A novel regulator of the synthesis of complex and hybrid N-glycans

Abstract

Protein N-glycosylation affects many biological functions of glycoconjugates in development and disease. It occurs in the endoplasmic reticulum (ER) and Golgi compartments, and is catalyzed by resident glycosyltransferases and glycosidases. The overall goal of my thesis was to identify a novel activity which affects glycosylation in Chinese hamster ovary (CHO) cells and in the mouse.
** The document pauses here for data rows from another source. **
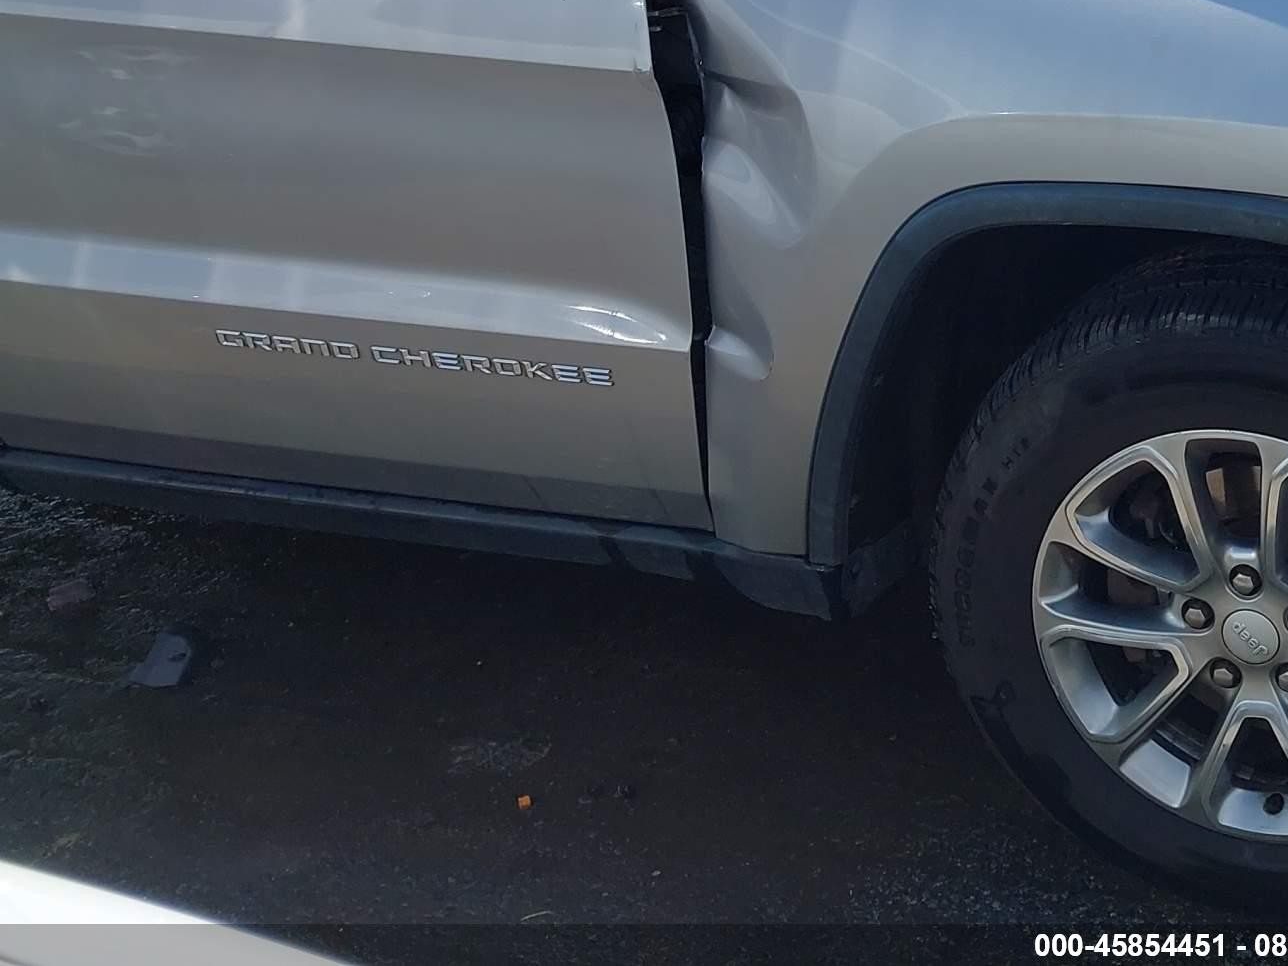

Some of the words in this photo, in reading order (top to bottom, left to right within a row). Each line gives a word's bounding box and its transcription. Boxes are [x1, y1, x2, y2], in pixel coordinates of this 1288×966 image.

[215, 329, 360, 360] GRAND
[370, 345, 615, 387] CHEROKEE
[1232, 621, 1269, 656] Jeep
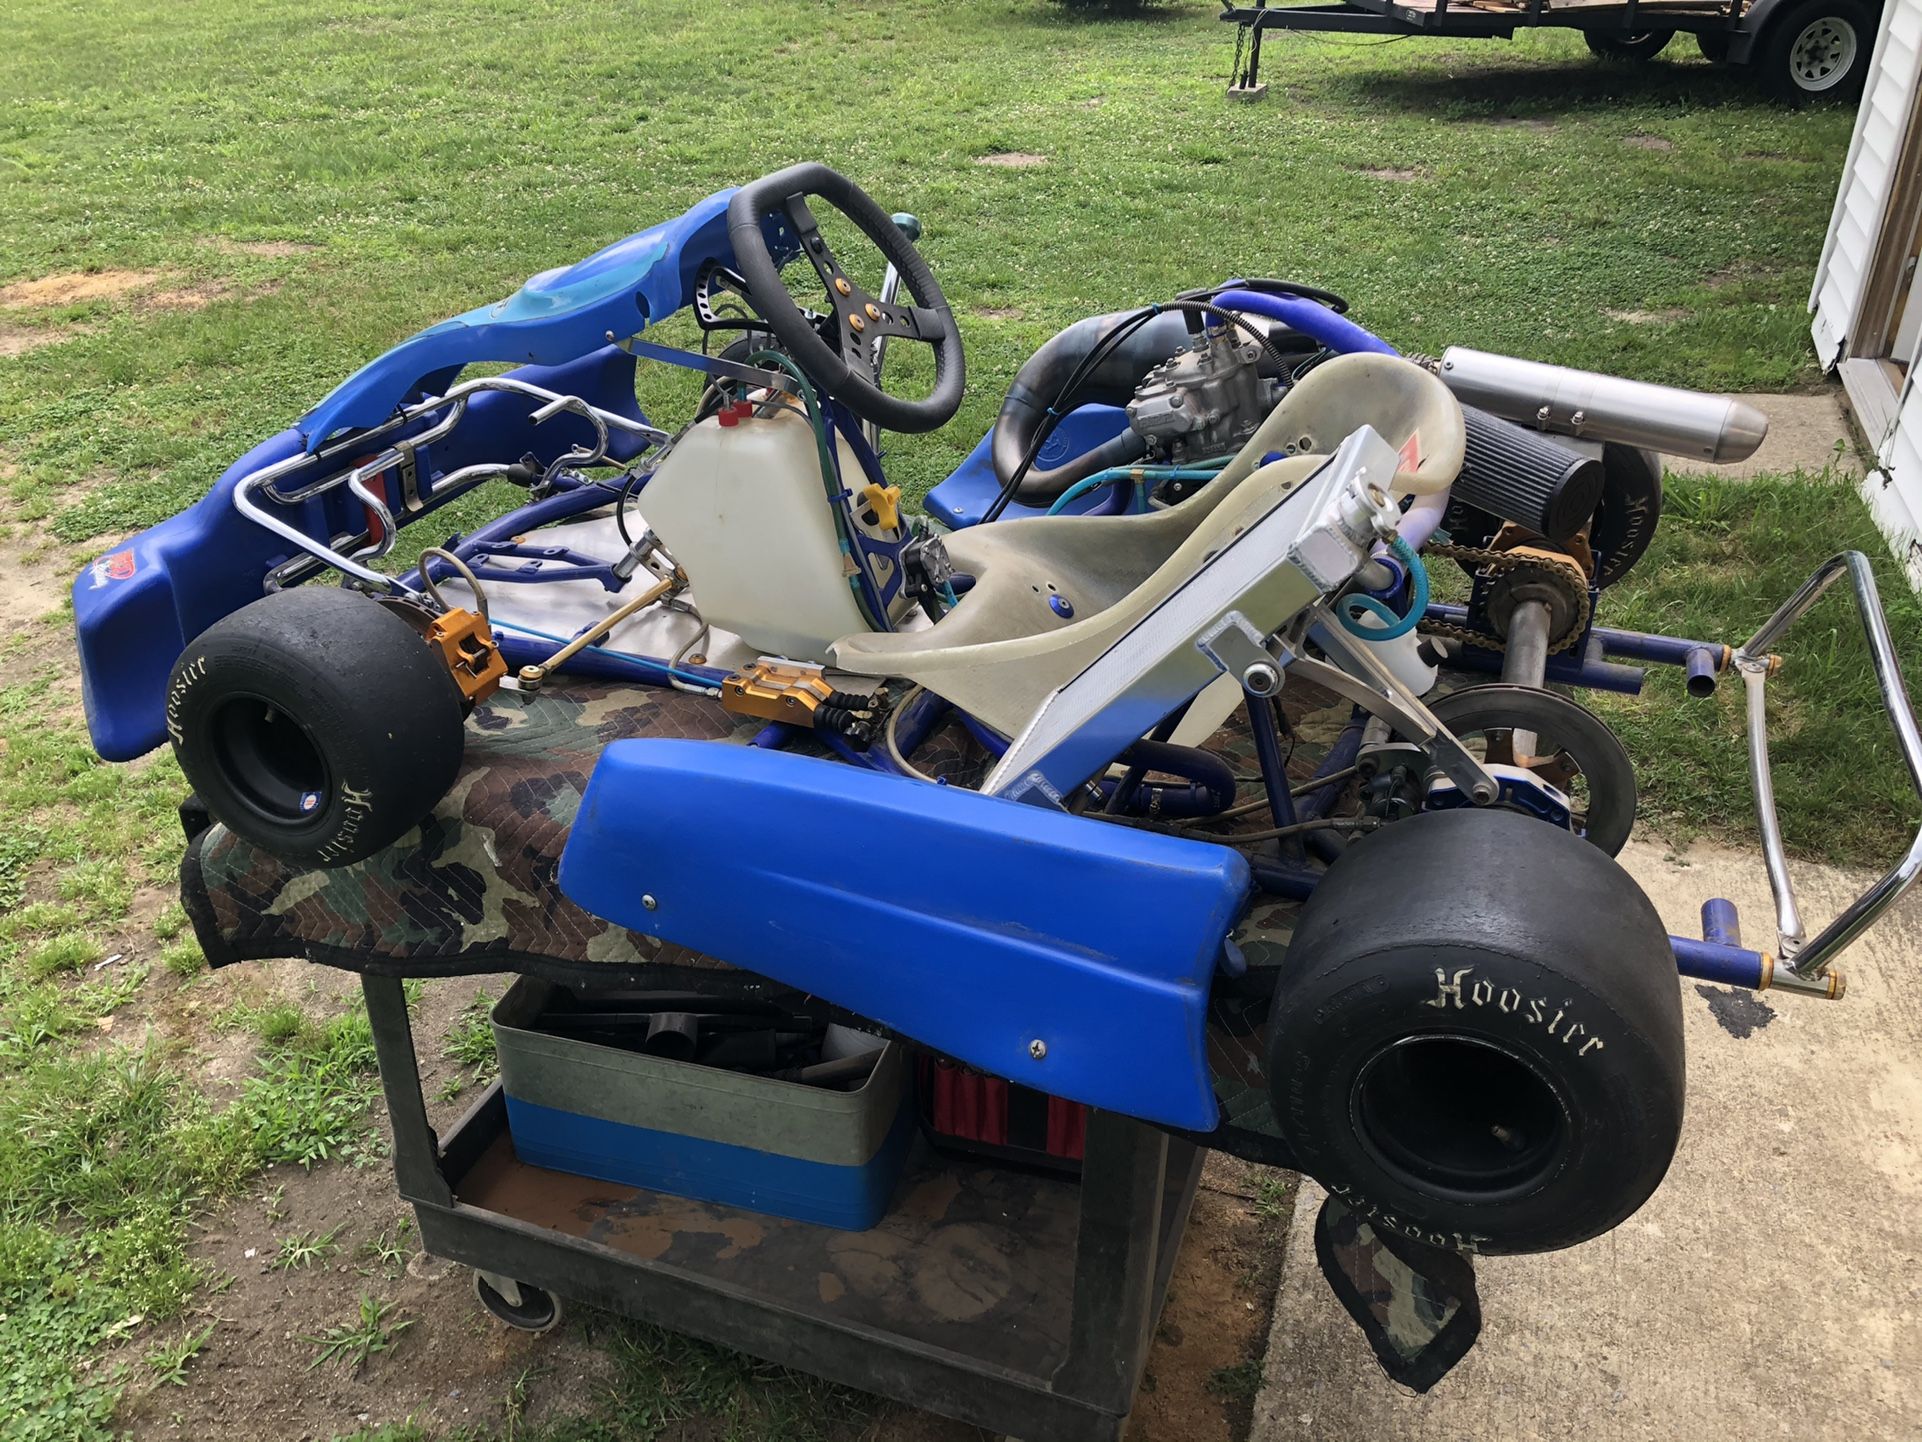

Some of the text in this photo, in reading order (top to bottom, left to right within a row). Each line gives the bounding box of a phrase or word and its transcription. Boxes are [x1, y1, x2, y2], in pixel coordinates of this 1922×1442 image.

[166, 657, 206, 745] Hoosier
[319, 781, 374, 862] Hoosier
[1425, 964, 1604, 1057] Hoosier
In order to facilitate my search, the first aim was to characterize the glycome of CHO cells and CHO glycosylation mutants for use as hosts in identifying glycosylation changes induced by a novel activity. The second part was to characterize a novel regulator of N-glycosylation, NM_026233 , which was identified through database analyses. An N-terminal-tagged version of the encoded protein stably expressed in CHO cells specifically inhibited N-acetylglucosaminyltransferase I (GlcNAcT-I) activity and phenocopied the Lec1 CHO glycosylation mutant. Therefore, the new activity was termed GlcNAcT-I inhibitory protein (GnT1IP). GnT1IP transcripts are detected primarily in testis and their levels are highly regulated during spermatogenesis. A smaller transcript, GnT1IP-S, encodes a glycoprotein with a cleaved signal sequence and a transcript 132 nucleotides longer, GnT1IP-L, encodes a type II transmembrane protein. Membrane-bound forms of GnT1IP inhibit GlcNAcT-I and also cause GlcNAcT-I to mislocalize from the medial -Golgi to the ER, ERGIC and cis-Golgi. However, mislocalization of GlcNAcT-I with C-terminal KDEL to the ER did not inhibit its activity. CHO cells overexpressing GnT1IP-L were shown to exhibit markedly increase adhesion to TM4 Sertoli cells. Therefore GnTIIP may regulate germ cell N-glycosylation and affect their interaction with Sertoli cells during spermatogenesis. The third aim was to generate a mouse defective in GnT1IP to test this hypothesis. Bacterial artificial chromosome (BAC) and recommbineering-based techniques were applied in an effort to generate conditional GnTI IP mutant mice in order to understand GnT1IP functions in vivo. A number of targeted embryonic stem (ES) cells were isolated but homologous recombinants were not obtained. An alternative strategy would seem necessary to generate the desired mouse mutant.